In the first point, the right of a person to choose what is best for him or her, the answer is the simplest.  The person should be able to choose to do with his or her body whatever it is that they consider is best for themselves, including having a vaccine for a disease, or not.  It is the same as if one chooses to exercise or not, eat healthily or not, inject heroin or not; it surely must be up to each individual.  The only caveat to this conclusion is when taking into account the type of disease the person is considering being vaccinated for.  Specifically, the decision cannot be left up to the person if the disease is too contagious.

The Covid-19 pandemic has shed light on this situation.  People should adhere to the orders of social distancing and isolation because if they don’t, the contagious pathogen could infect and seriously harm other individuals.  This is the case for all highly contagious diseases, one’s liberty to choose over one’s body ends when that decision affects other individuals in your community.  With Covid-19 and other infectious diseases, one must self-quarantine or vaccinate.  The rights of a community to stay healthy trump any individual’s choice to be infectious.

Things start getting a little bit trickier when one considers the parent’s right to choose what is best for his or her child.  Can a parent choose to risk a child’s health because a parent believes vaccination is worse than the potential for infection?

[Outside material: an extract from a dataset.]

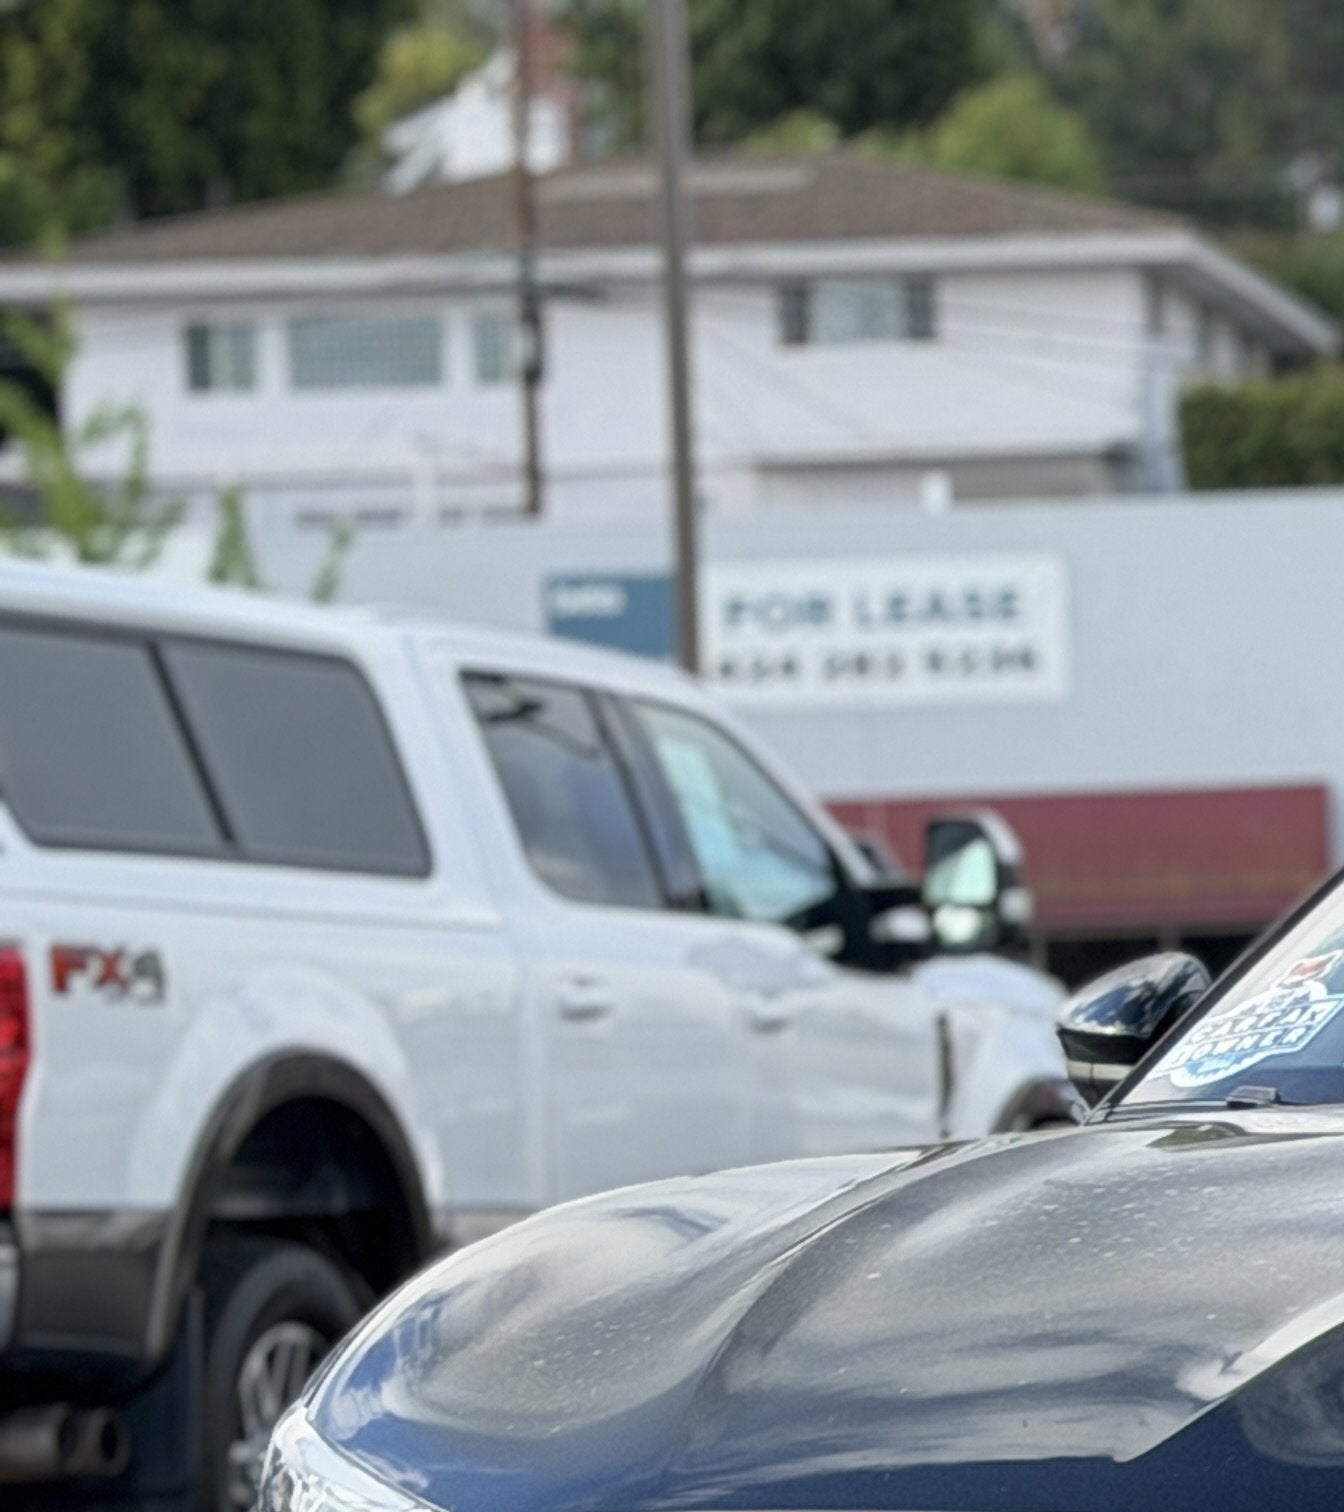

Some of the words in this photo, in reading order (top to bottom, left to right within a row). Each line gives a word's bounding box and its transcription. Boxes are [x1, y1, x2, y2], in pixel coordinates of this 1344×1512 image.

Can a parent choose to have his or her child wear a seatbelt in the car? Can parents choose to feed nothing but Doritos to their kid? Again, the rights of the community trump any person’s choice if that choice endangers others.  A school should most definitely require all attendees to have a set of immunizations completed in order to keep everybody healthy.  But what if the parent decides to home school the child, effectively self-isolating from the community? Should that parent have the right to choose how to raise their children in any way deemed fit?

If you believe that a parent has no grounds to deny a child’s access to health and safety, that a child has a right to get vaccinated, wear a seatbelt and eat broccoli, then it might be useful to consider the question with the following example.  Envision a hypothetical world where scientists discover a solution delivered by injection, administered only in children, that assures that an individual cannot be a homosexual.  Considering that in most of the world, homosexual minorities face greater struggles in life, would you too in this case decide to require a child to receive an anti-homosexual shot? And what if it was discovered (however unscientific and absurd this hypothetical situation admittedly is) that homosexuality was caused by a previously undetectable microbe just as contagious as the flu?

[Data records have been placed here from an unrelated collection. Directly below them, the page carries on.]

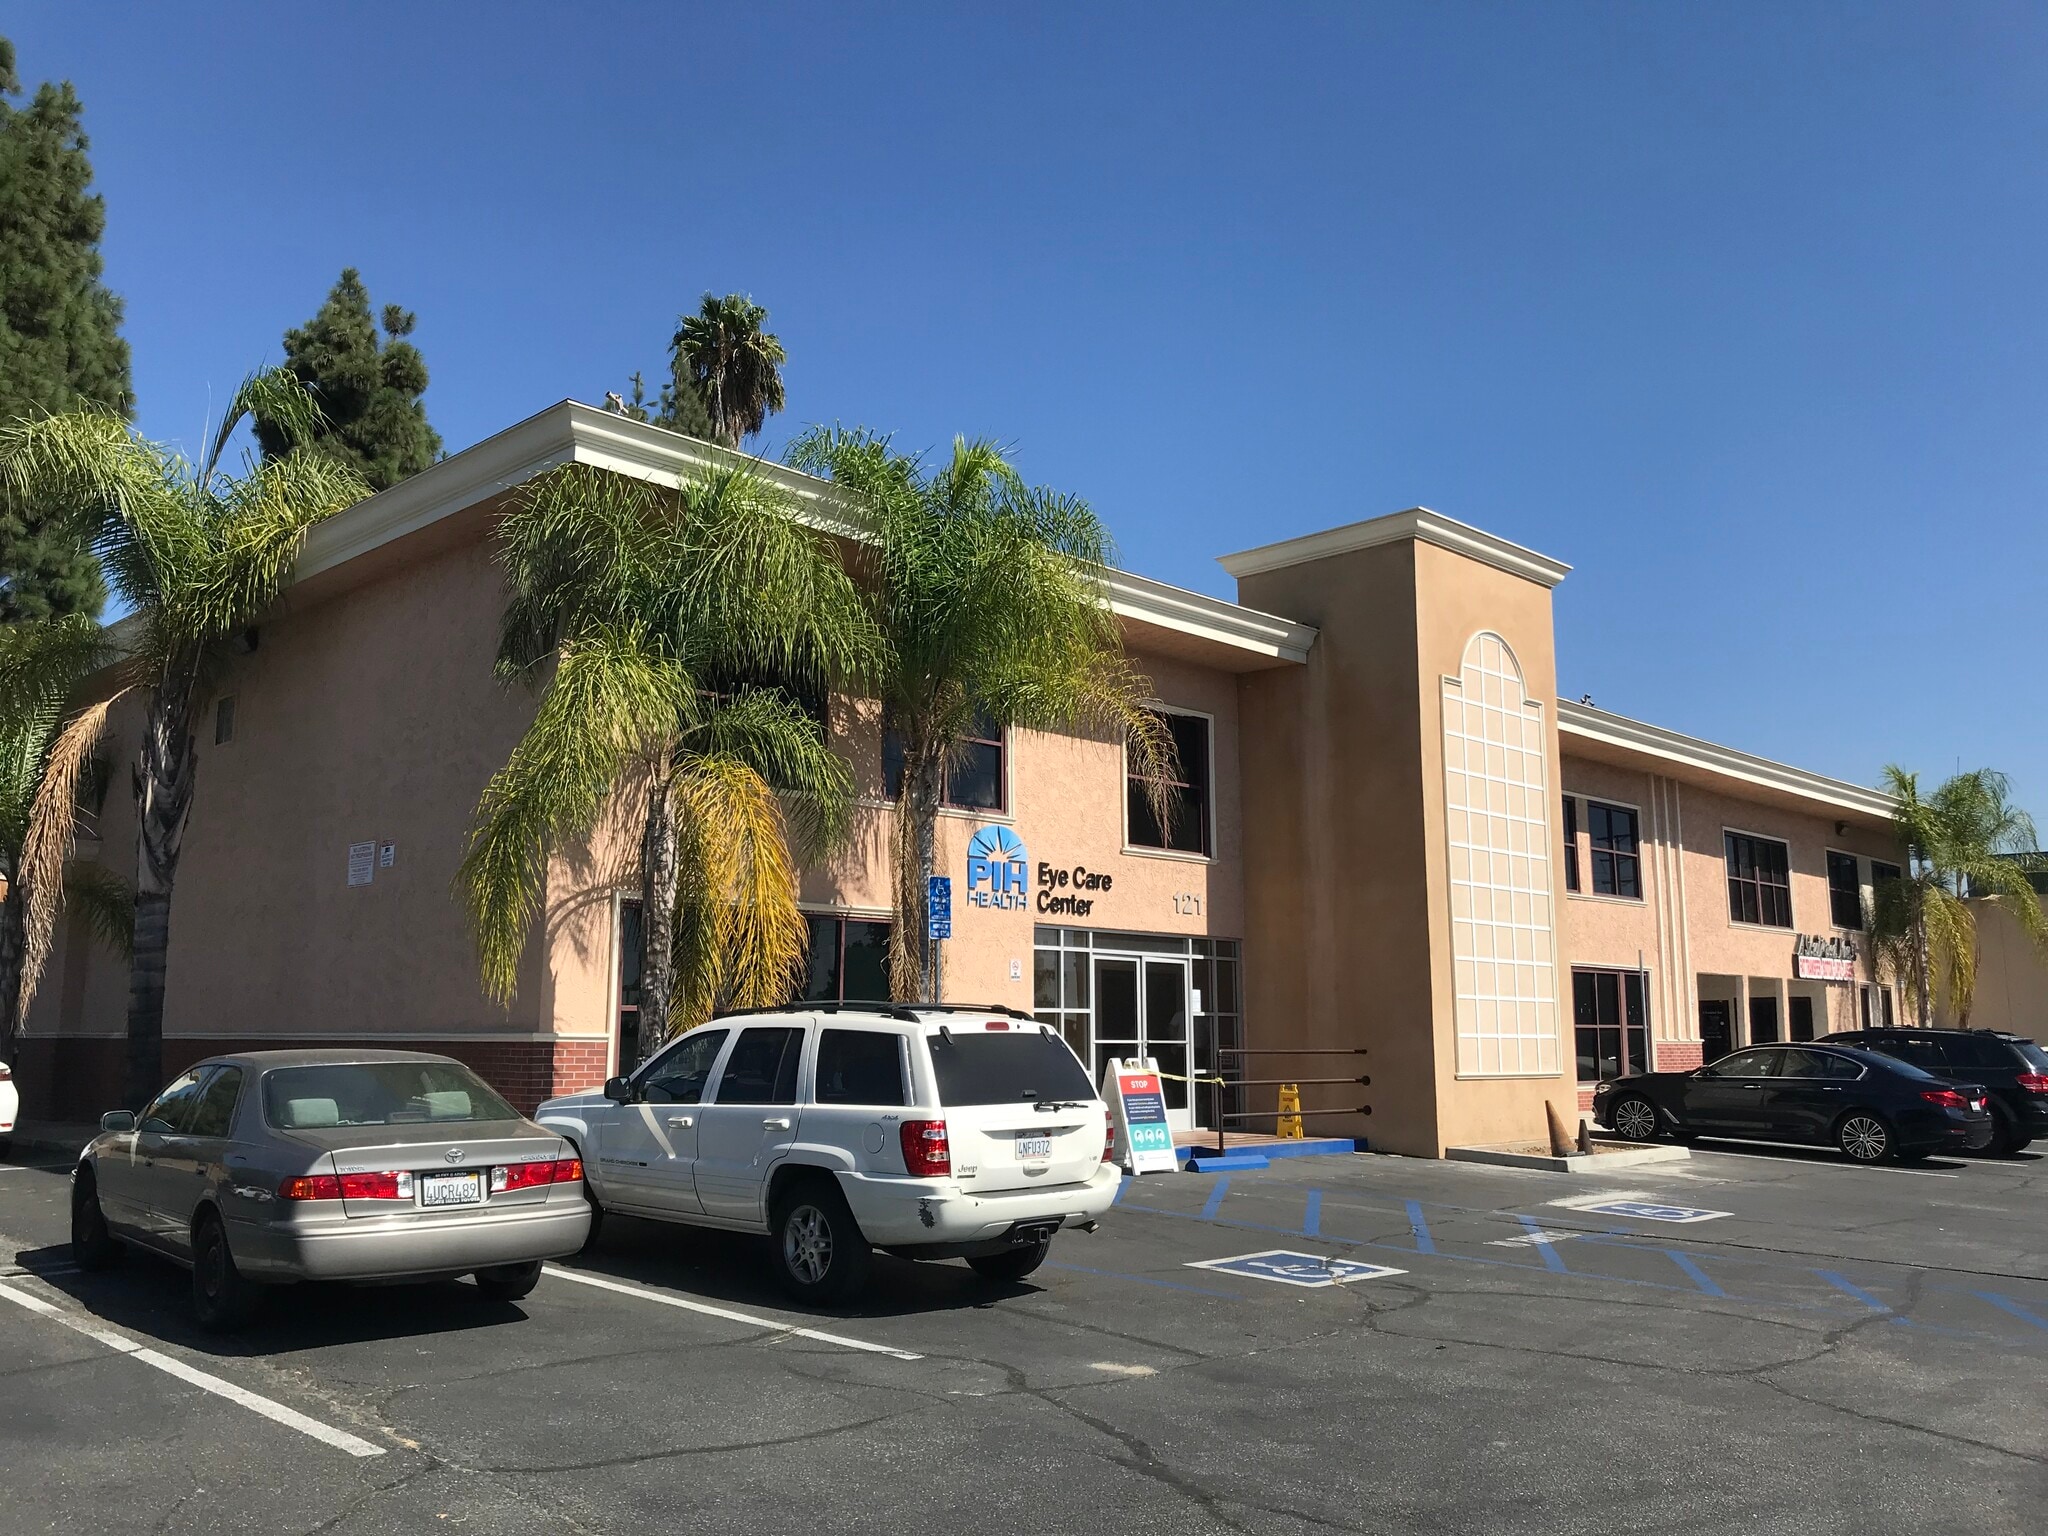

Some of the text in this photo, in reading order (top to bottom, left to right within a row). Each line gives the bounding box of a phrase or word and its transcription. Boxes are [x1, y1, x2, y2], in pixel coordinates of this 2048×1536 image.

[967, 857, 1028, 894] PIH
[1037, 862, 1112, 892] Eye Care
[967, 890, 1028, 911] HEALTH
[1036, 890, 1094, 917] Center
[1173, 891, 1202, 916] 121
[1130, 1080, 1149, 1089] STOP
[1018, 1140, 1050, 1155] 4NFU372
[958, 1164, 978, 1173] Jeep
[426, 1183, 476, 1200] 4UCR489

It is undoubtedly a tricky situation and the solution is often a nuanced one.  Public health should be a government responsibility, and sometimes government should be granted permission to use force against those individuals that threaten the safety, in whatever form, of the rest of society.  This too applies when it concerns individuals’ children, because those young human beings have inherent value in themselves, they are not simply an extension of their parents’ freedom to choose.

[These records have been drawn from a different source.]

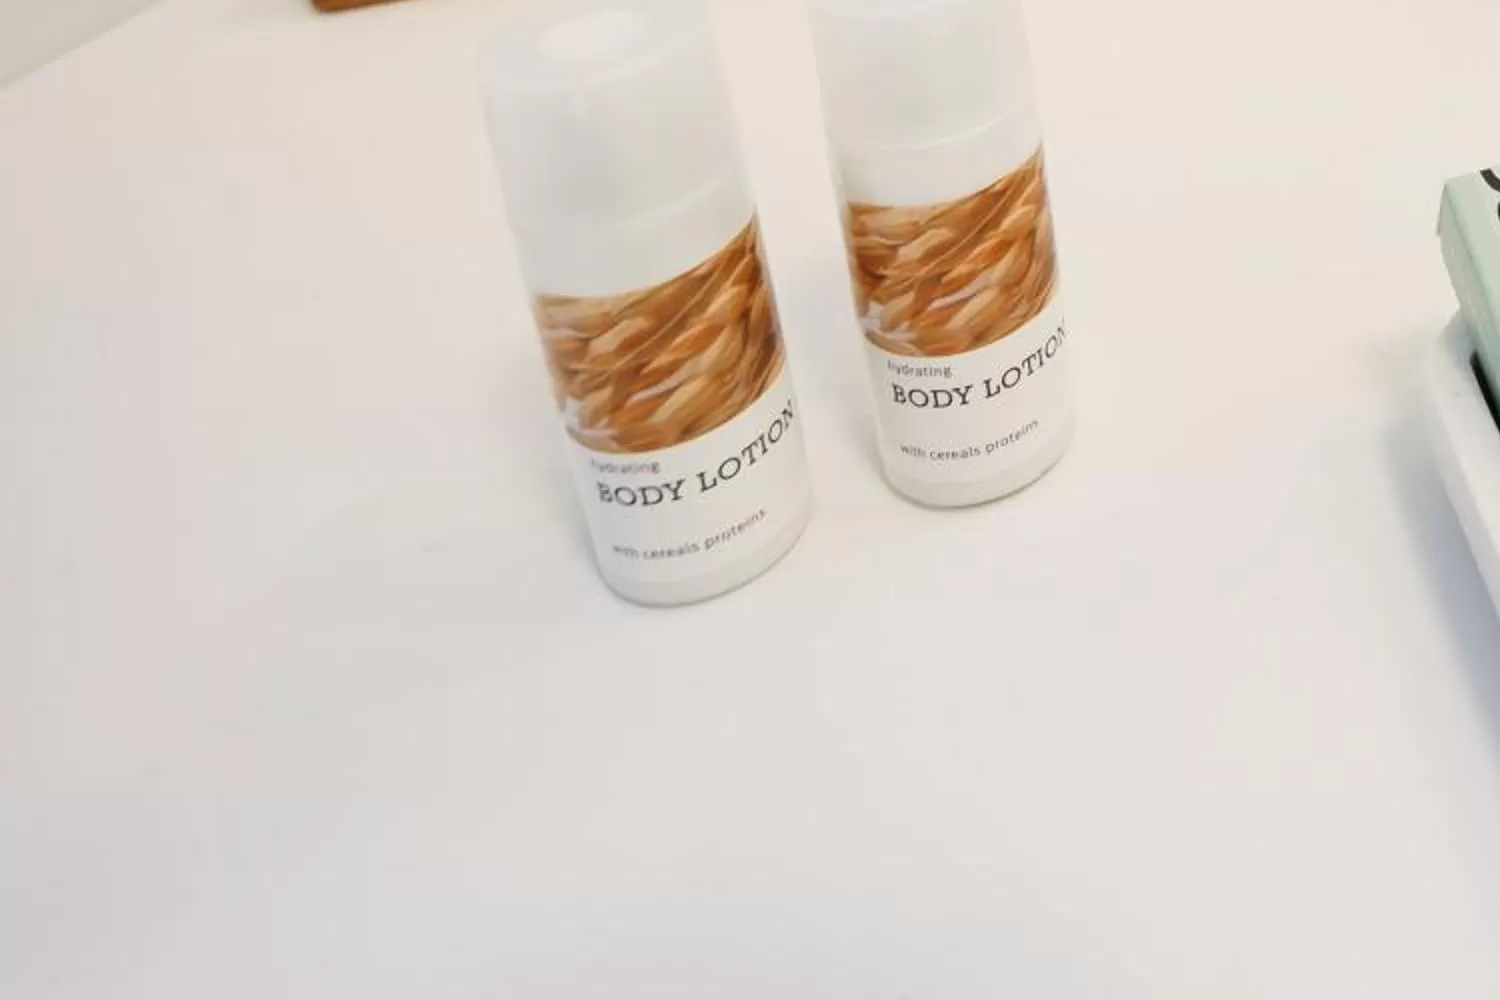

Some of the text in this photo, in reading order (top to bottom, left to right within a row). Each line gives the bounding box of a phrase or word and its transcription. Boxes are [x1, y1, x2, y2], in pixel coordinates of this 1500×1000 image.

[887, 360, 953, 378] hydrating
[891, 316, 1069, 409] BODY LOTION
[596, 399, 796, 506] BODY LOTION
[900, 419, 1039, 461] with cereals proteins
[643, 541, 700, 560] cereals
[704, 508, 766, 551] proteins

So when considering this question, one must ask, is this individual’s choice violating the child’s right to be healthy? And is this individual’s decision disregarding the community’s right to be safe? If the answer is yes, and all efforts for persuasion failed, then force against the threat is justified in a free society.  It should be mentioned, however, that enforcing mandatory immunizations on individuals would certainly be extremely difficult to carry out.  Controlling proper parenting, practically impossible.  Hence governments are left with persuasion as the only pragmatic method of guaranteeing the rights of minors, and of communities.